Exercise inputs:
....

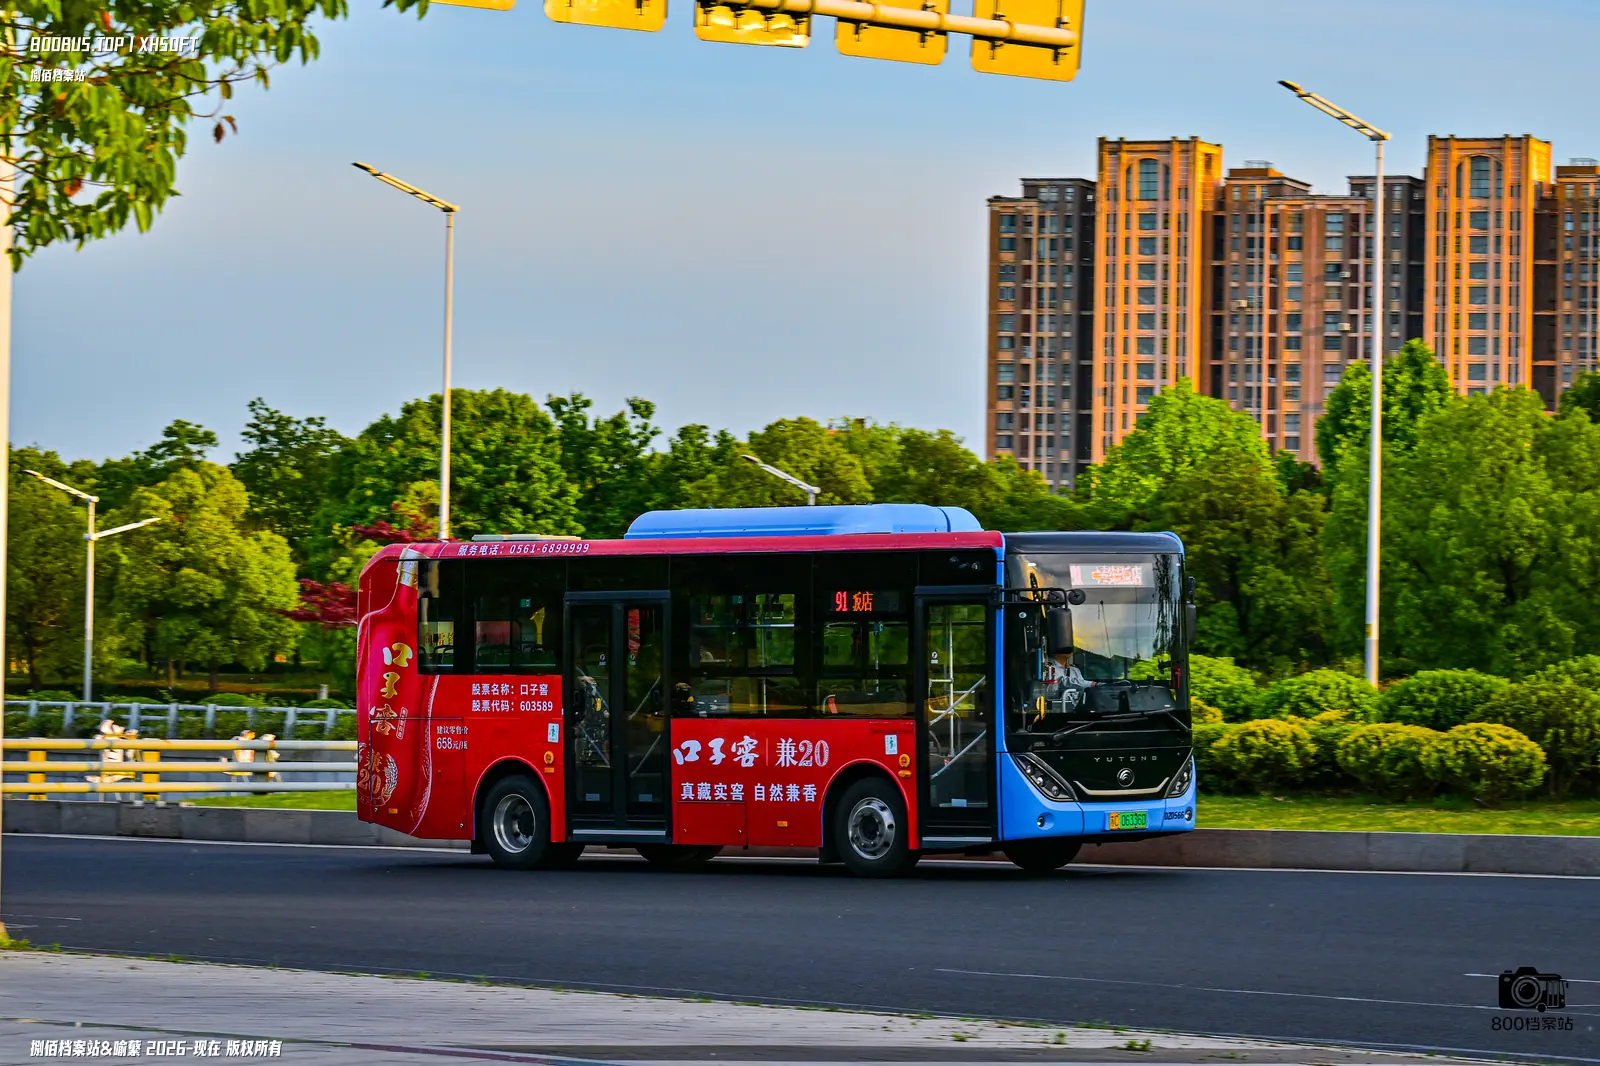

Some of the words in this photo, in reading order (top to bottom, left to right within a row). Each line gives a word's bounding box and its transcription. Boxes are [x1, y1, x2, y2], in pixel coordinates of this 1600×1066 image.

[835, 591, 849, 612] 91
[673, 735, 760, 768] 口子窖
[775, 737, 830, 768] 兼20
[1094, 755, 1158, 763] YUTONG
[680, 782, 745, 802] 真藏实窖
[754, 783, 818, 802] 自然兼香
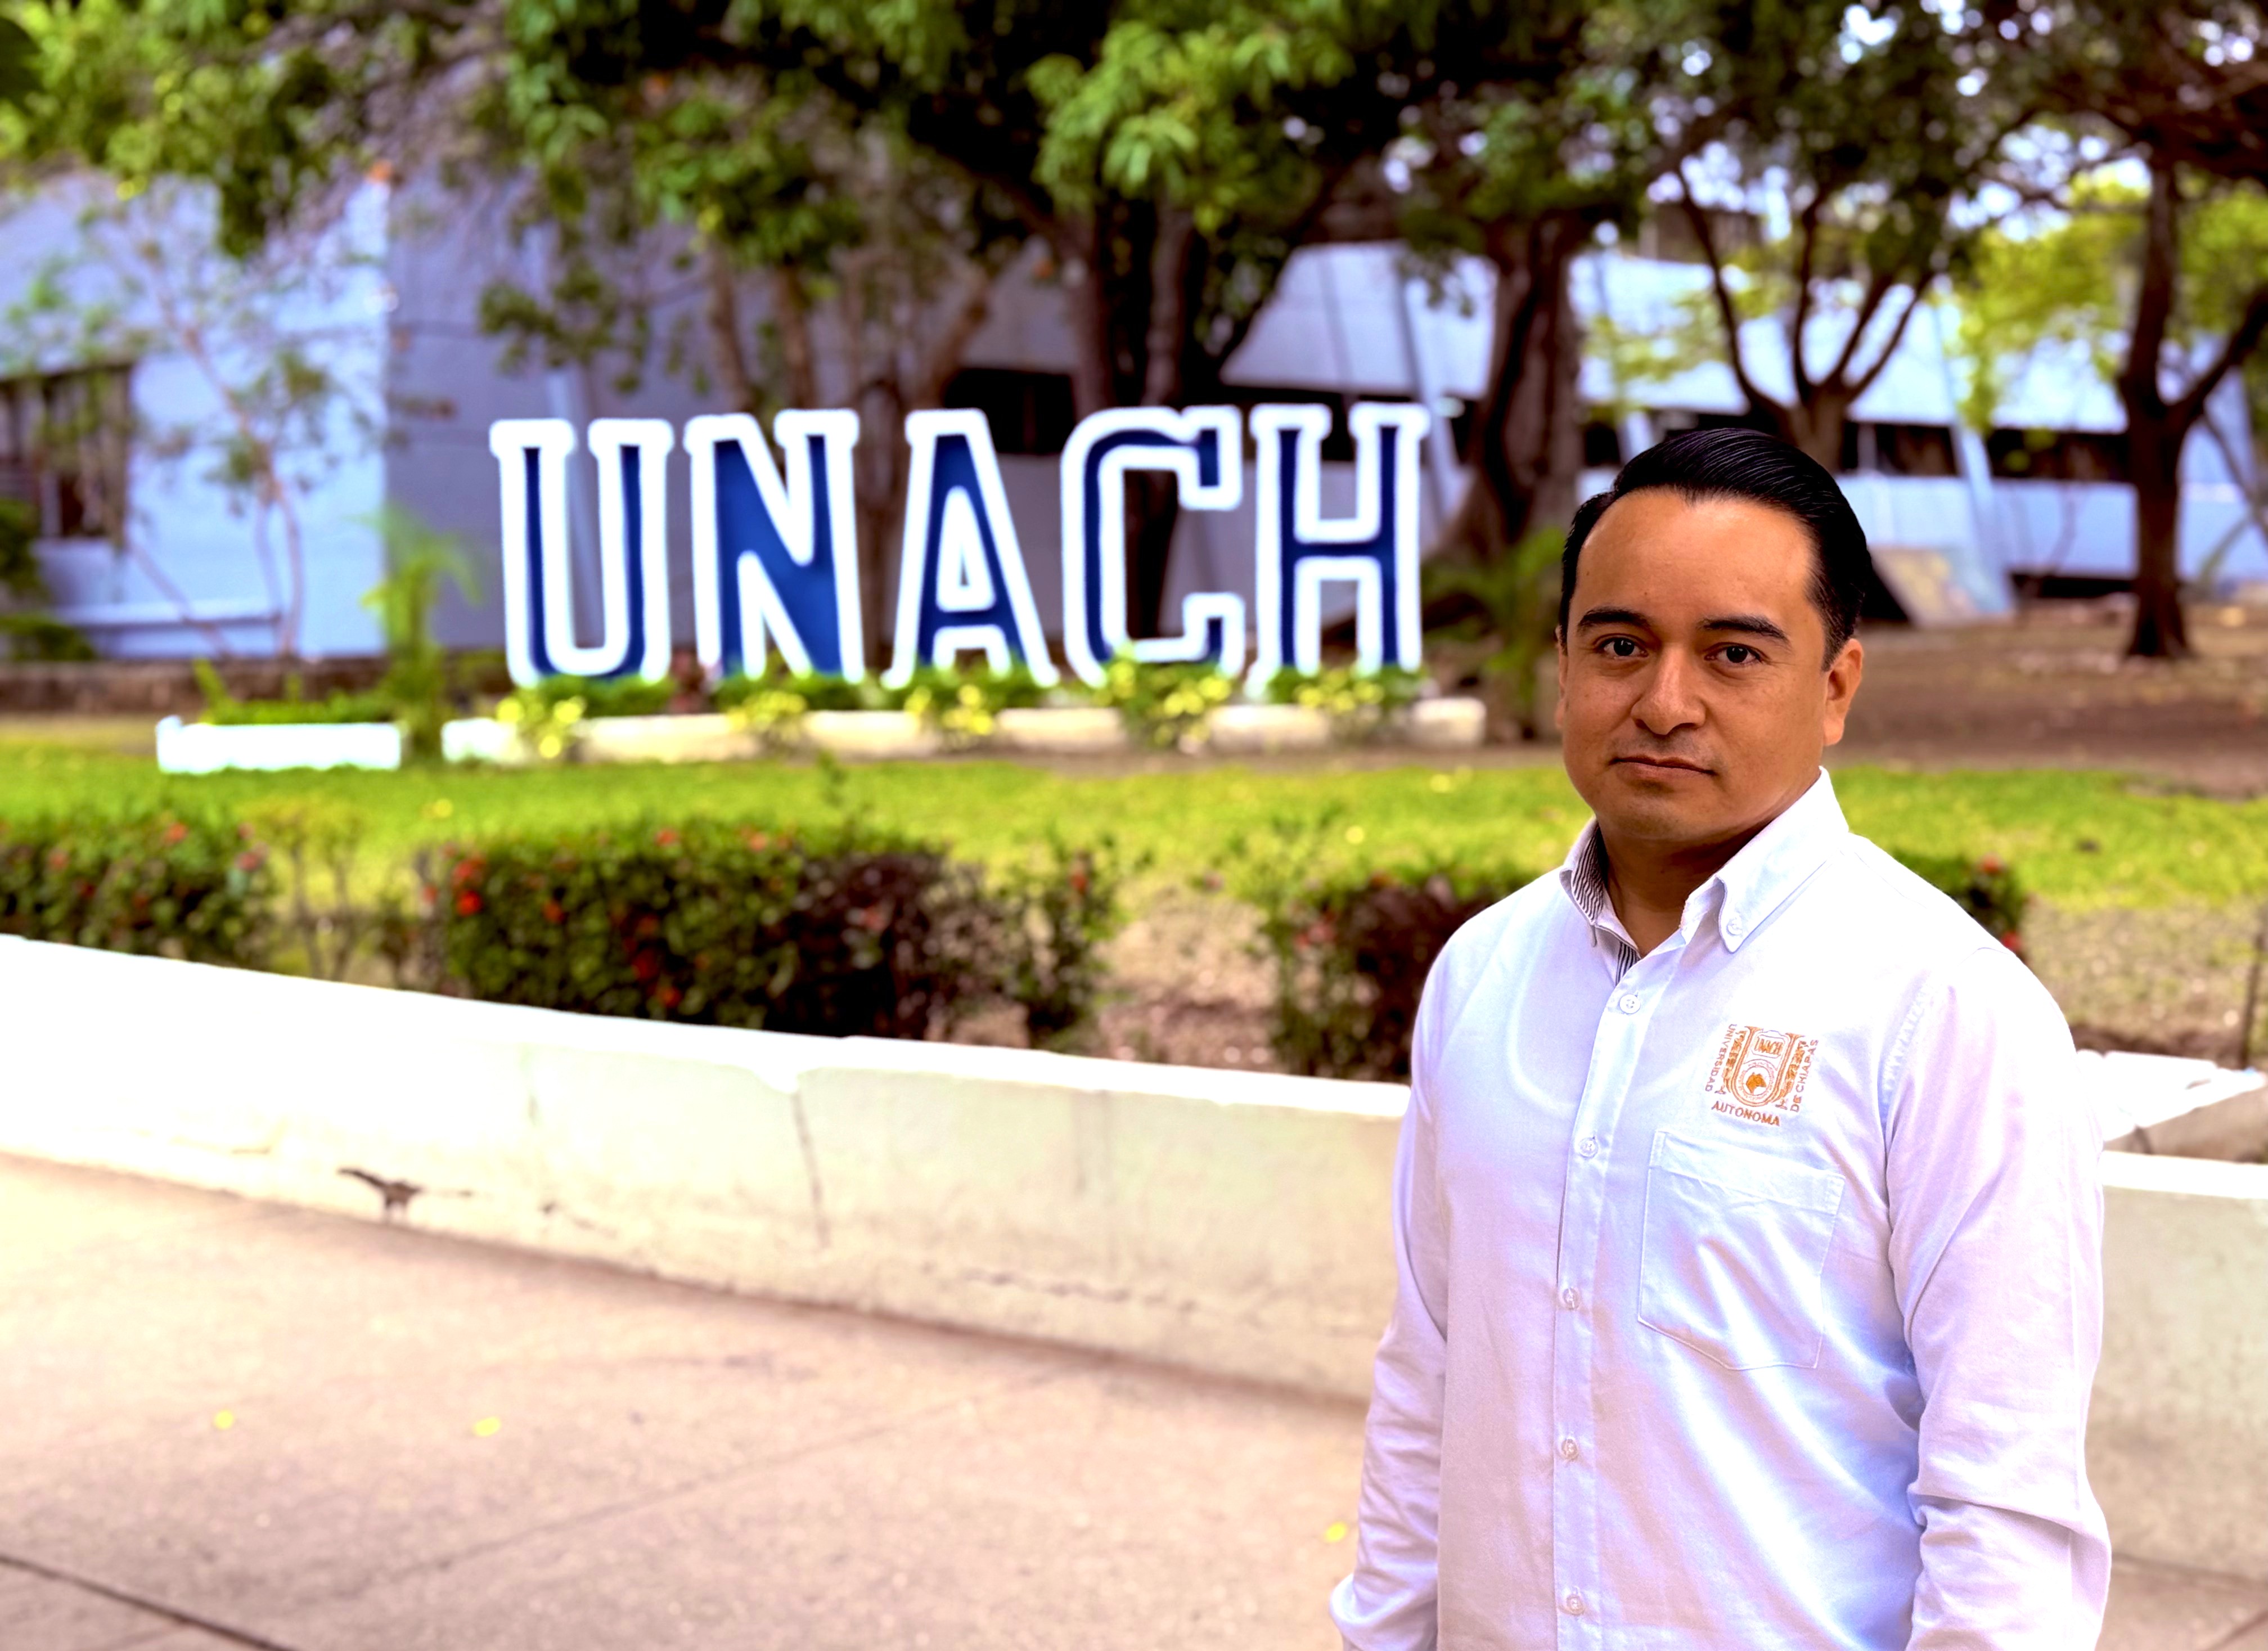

....

Description of the task:
Retype the data shown above exactly, excluding any picture it contains.

Solution for this task:
Some of the words in this photo, in reading order (top to bottom, left to right within a row). Each line gives a word's bounding box and its transcription. Boxes are [x1, y1, x2, y2], in pixel coordinates of this 1600×1066 image.

[835, 591, 849, 612] 91
[673, 735, 760, 768] 口子窖
[775, 737, 830, 768] 兼20
[1094, 755, 1158, 763] YUTONG
[680, 782, 745, 802] 真藏实窖
[754, 783, 818, 802] 自然兼香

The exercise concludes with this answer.